Recent advances in DTI tractography have allowed for the identification of white-matter tracts with ever-greater precision [29, 30]. This technique has proved its importance in the presurgical mapping of white-matter tracts before intracranial surgical procedures. It has been particularly useful for identifying large white-matter tracts such as the superior longitudinal fasciculus, inferior longitudinal fasciculus, and corpus callosum [31]. It provides indirect information about the microstructural WM architecture and its integrity in vivo, based on water diffusion properties in the intra- and extracellular space [32].

The SM is a good prospective candidate for tractography because it does not deviate or branch from its origin (behind the anterior commissure) to its termination (the habenula). However, it is challenging to render it accurately with DTI tractography because it is short, thin, and highly curved. Furthermore, it is imbedded deep within brain tissue, so it is not easy to isolate from the surrounding white matter structures. The SM and its termination, the Hb, are inconsistently seen in standard T1/T2 MRI as a result of being “missed” between slices [33, 34].

The application of DTI tractography for accurate imaging of the SM could lead to a greater understanding of psychiatric neuropathology, addiction, and pain disorders through the analysis of its diffusion metrics. The SM is a target for Deep Brain Stimulation (DBS) in the treatment of severe depression because of its pivotal role in integrating diverse basal forebrain limbic regions into a single tract and relaying directly with the Hb [35, 36]. DTI analyses of the afferent and efferent pathways of Hb, including SM, can be used as an imaging marker for diagnosis of various psychiatric disorders. DBS is a minimally invasive and reversible method that is widely used to treat various neurological and psychiatric disorders by stimulating structures that are located deep in the brain [37].
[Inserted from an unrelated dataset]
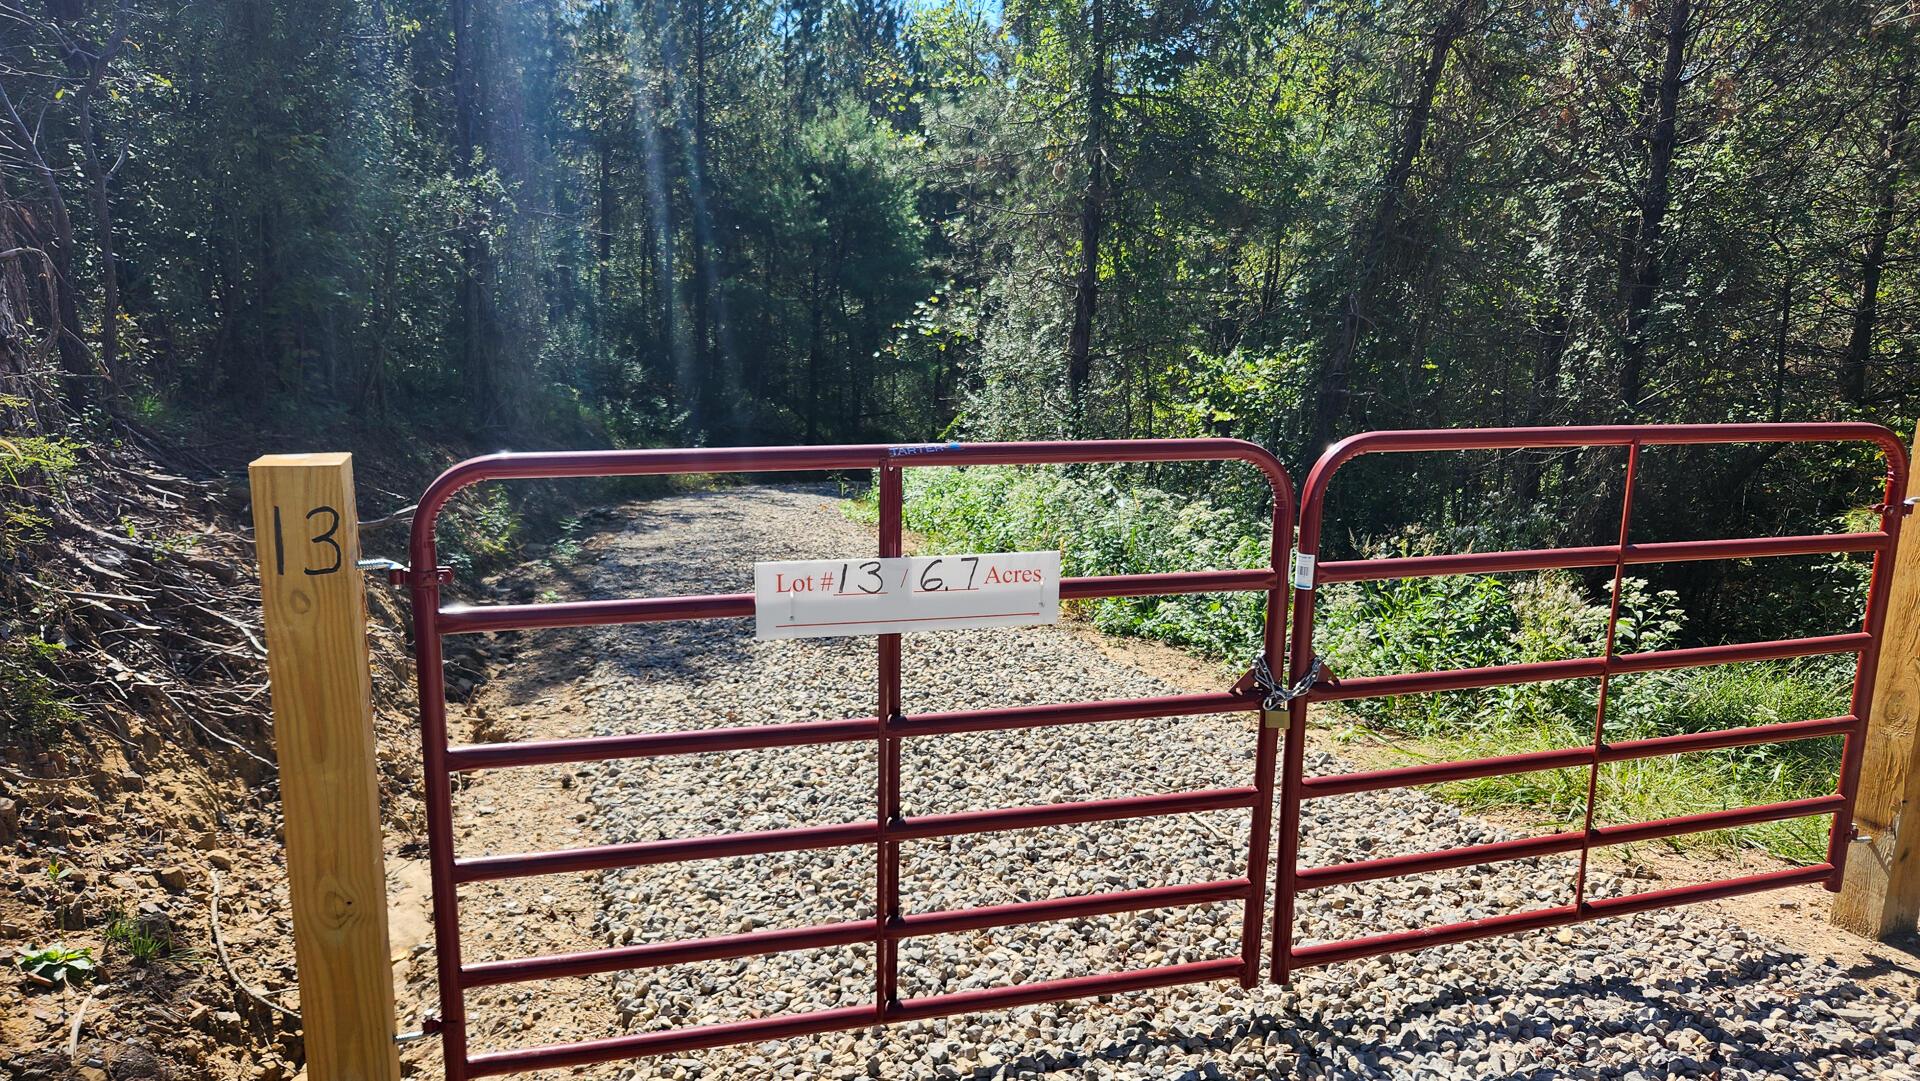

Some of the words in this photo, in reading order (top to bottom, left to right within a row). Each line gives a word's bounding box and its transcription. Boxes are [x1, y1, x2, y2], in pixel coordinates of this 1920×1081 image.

To date, DBS of the Hb has been described in only two patients, but the results have been promising [38]. Although direct targeting of the Hb is feasible, its size and location mean that meticulous planning is required to both effectively target the structure and avoid side effects [39]. The aim of this review study is to summarize the use of DTI as a reliable method for direct anatomical targeting of the SM and the Hb prior to DBS surgery. Special emphasis is placed on the technical details of preoperative probabilistic DTI done prior to DBS surgery due to its importance and effectiveness in direct anatomical targeting of the SM and Hb.

1.1. MRI Acquisition

Kochanski et al. [34] conducted a study in Chicago, Illinois, to determine whether DTI could be used to define the SM. Pre-operative DTI was performed on five patients at one to two weeks prior to a scheduled DBS implantation procedure using a 3T MRI scanner. Their pre-operative DTI protocol included a localizer, thin-slice coronal and axial T2-weighted turbo spin-echo sequences, a 3D gradient echo sequence for Susceptibility-Weighted Imaging (SWI), and a post-contrast 3D T1-weighted sequence for neuro-navigation using a Magnetization Prepared Rapid Gradient Echo (MPRAGE) sequence. MPRAGE images were used as a reference for the correction of motion and distortion artefacts for diffusion images.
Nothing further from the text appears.